Aktivitet: Deltagelse i faglig begivenhed › Organisering af eller deltagelse i konference
MALDI TOF MS profiling of central nervous system glia
G. WICHER, J. HANRIEDER, J. BERGQUIST, M. ANDERSSON, *A. FEX SVENNINGSEN
Development of specific microanalytical strategies for molecular cell type characterization is of central relevance in current neuroscience research. Molecular phenotyping enables analysis of cell developmental stages as well as probing cellular responses to different stimulations. Matrix assisted laser desorption/ionization time of flight mass spectrometry (MALDI TOF MS) provide excellent profiling capabilities allowing rapid, sensitive, robust and specific analysis of large biomolecules in complex matrixes.

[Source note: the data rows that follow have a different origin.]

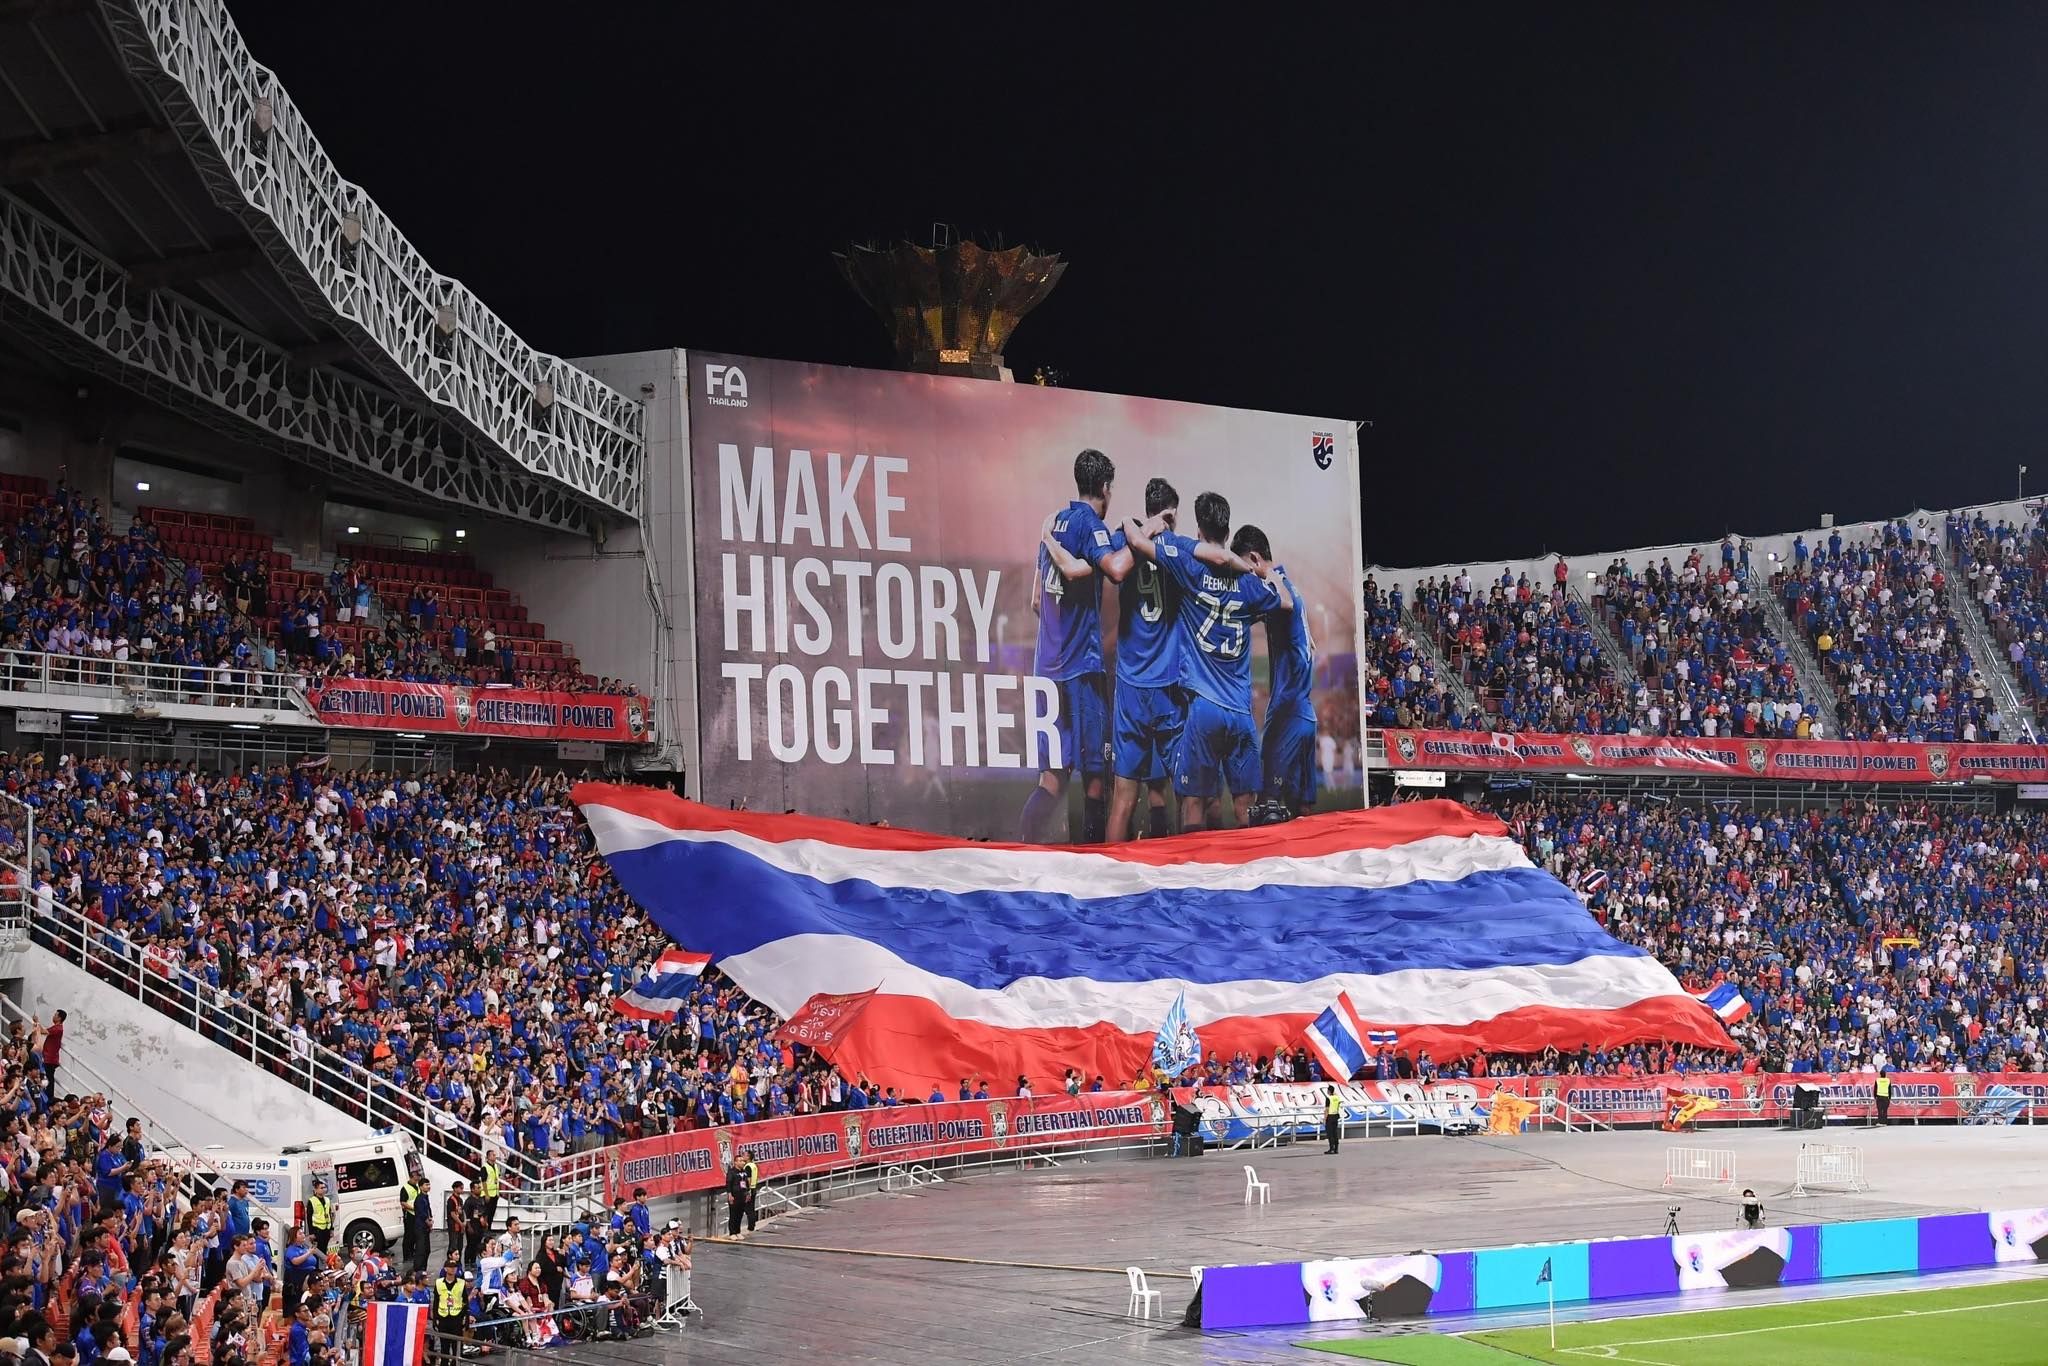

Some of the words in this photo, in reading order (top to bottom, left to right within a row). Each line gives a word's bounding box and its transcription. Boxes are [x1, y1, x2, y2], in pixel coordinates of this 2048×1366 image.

[706, 364, 748, 398] FA
[707, 396, 748, 408] THAILAND
[718, 443, 912, 553] MAKE
[1137, 560, 1164, 623] 9
[722, 553, 1001, 663] HISTORY
[1194, 592, 1245, 658] 25
[391, 692, 447, 719] POWER
[475, 699, 558, 727] CHEERTHAI
[561, 705, 615, 729] POWER
[721, 662, 1063, 770] TOGETHER
[1775, 753, 1858, 769] CHEERTHAI
[1863, 755, 1918, 771] POWER
[1959, 756, 2047, 771] CHEERTHAI
[1566, 1087, 1664, 1111] CHEERTHAI
[1889, 1083, 1941, 1106] OWER
[867, 1121, 934, 1149] CHEERTHAI
[938, 1118, 985, 1140] POWER
[1015, 1110, 1094, 1135] CHEERTHAI
[1096, 1105, 1145, 1127] POWER
[797, 1132, 839, 1157] POWER
[220, 1161, 229, 1170] 0
[230, 1161, 254, 1171] 2378
[255, 1162, 277, 1171] 9191
[623, 1154, 673, 1185] CHEERTHAI
[675, 1148, 713, 1174] POWER

Here we report a fast and robust approach for direct characterization of intact central nervous system glial cells and prediction of cellular phenotypes in rodent brain tissue using MALDI TOF MS. Astrocytes, oligodendrocytes and microglia cell cultures were analyzed directly resulting in specific mass profile-spectra that allowed significant distinction of different cell types and facilitated identification of cell specific protein mass peaks. These identifier masses allowed in turn prediction of oligodendroglia localization in brain tissue with molecular specificity. MALDI MS profiling analysis revealed a 4-5-fold higher histone peak intensity/cell in oligodendrocytes compared with astrocytes and even higher compared with microglia, including histone H2A, H2B, H3, and H4. Furthermore, mass peaks of 11308 Da, and 11350 Da were found to appear only in oligodendrocyte spectra. These masses are suggested to match the histone H4 (2 x methylated and singly acetylated: 11308 and doubly acetylated: 11350 respectively). We have verified MALDI MS results performing immuno-labeling against histone variants on primary cultures and tissue from rat brain. This "proof of concept'' study, examines the use of differential protein expression profiling of the different types of rodent CNS glia that enable profiling of these glial cells in injury or disease.